The son of a mason, John Holland was imported to the United States from Ireland in 1848 at age ten. He had apparently been educated with an eye towards a profession, but when his father died in 1854 he seems to have resigned himself to the trade to which he had already been indentured; making gold pens and their holders. The company in which he served his apprenticeship, George Sheppard Gold Pens, may have done the job too well, as he did well enough at his trade to buy the company outright by 1862, thereafter applying his own name to it.
Once in control, Holland expanded the lines of production into other vaguely related items like pencils and cases. He also did a certain amount of metallurgical research, and if not responsible for iridium coming into use as a tipping for pens he certainly played a role in making it available. In buying the company he worked for, he also seems to have felt he’d bought its history, as later catalogues would refer to it being the seller of the first gold pens in the US, pointing to sales in the early 1840s; not a bad trick for pre-teen living in another country.
The entry into fountain pen making is a little obscure. At some point in the 1880s eyedropper pens under the company’s name began to appear, but it seems they were not generally advertised until the 1890s. Self-filling pens did not appear until the start of the 20th century, when Holland introduced several variations of press-bar and indirect pressure fillers. It is interesting to note that even as late as 1920, the company still styled itself “The John Holland Gold Pen Company”, maintaining the reference to the point rather than the whole assembly, and that in 1909 they offered a catalogue of dip pens and other more 19th century parafenalia that was slightly larger than the fountain pen catalogue. Pencils and stylographs were also offered.

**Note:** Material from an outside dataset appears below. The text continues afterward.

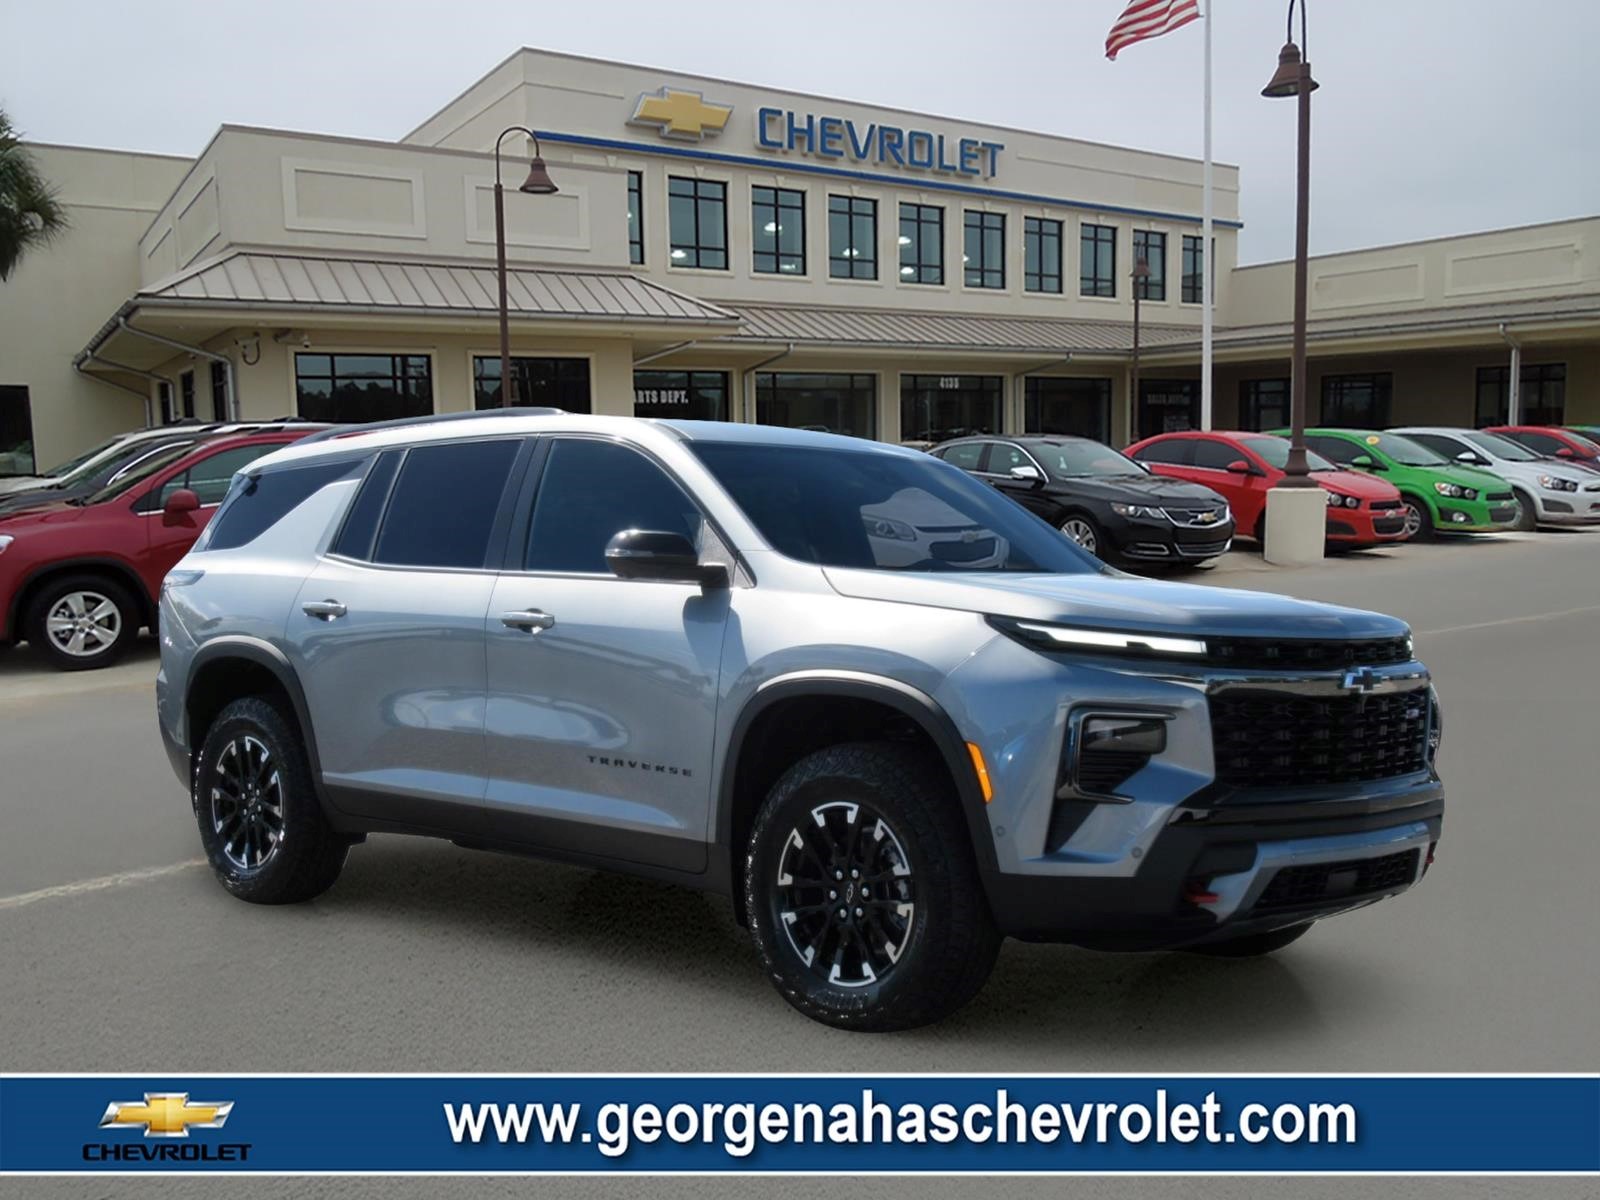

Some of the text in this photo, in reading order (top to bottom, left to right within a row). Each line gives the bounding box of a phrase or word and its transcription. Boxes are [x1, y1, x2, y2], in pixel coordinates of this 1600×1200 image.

Holland himself lived until 1917, and it appears that with his death the company began a very gentle decline. The first sign of this is the clearly insane “Drop Test” found in the company’s catalogue, suggesting that dropping the company’s premier pen from eye height, point first, onto a hardwood floor would result in no damage or reduction of writing capacity. “No other pen invites this test” went the brag, and I can’t imagine any other pen maker would be so reckless. There were also some slightly less mis-guided attempts at carving out a niche as a maker of fancy pens; offering pens with mother-of-pearl inlays, for example, which would certainly have some appeal to the upper-crust even during the Great Depression, but which were not the sort of thing to found a necessary ongoing volume of sales. National advertising appears to have more or less ceased by 1940, and the company persisted with sales of several unregarded brand-names until the final closing in the 1970s.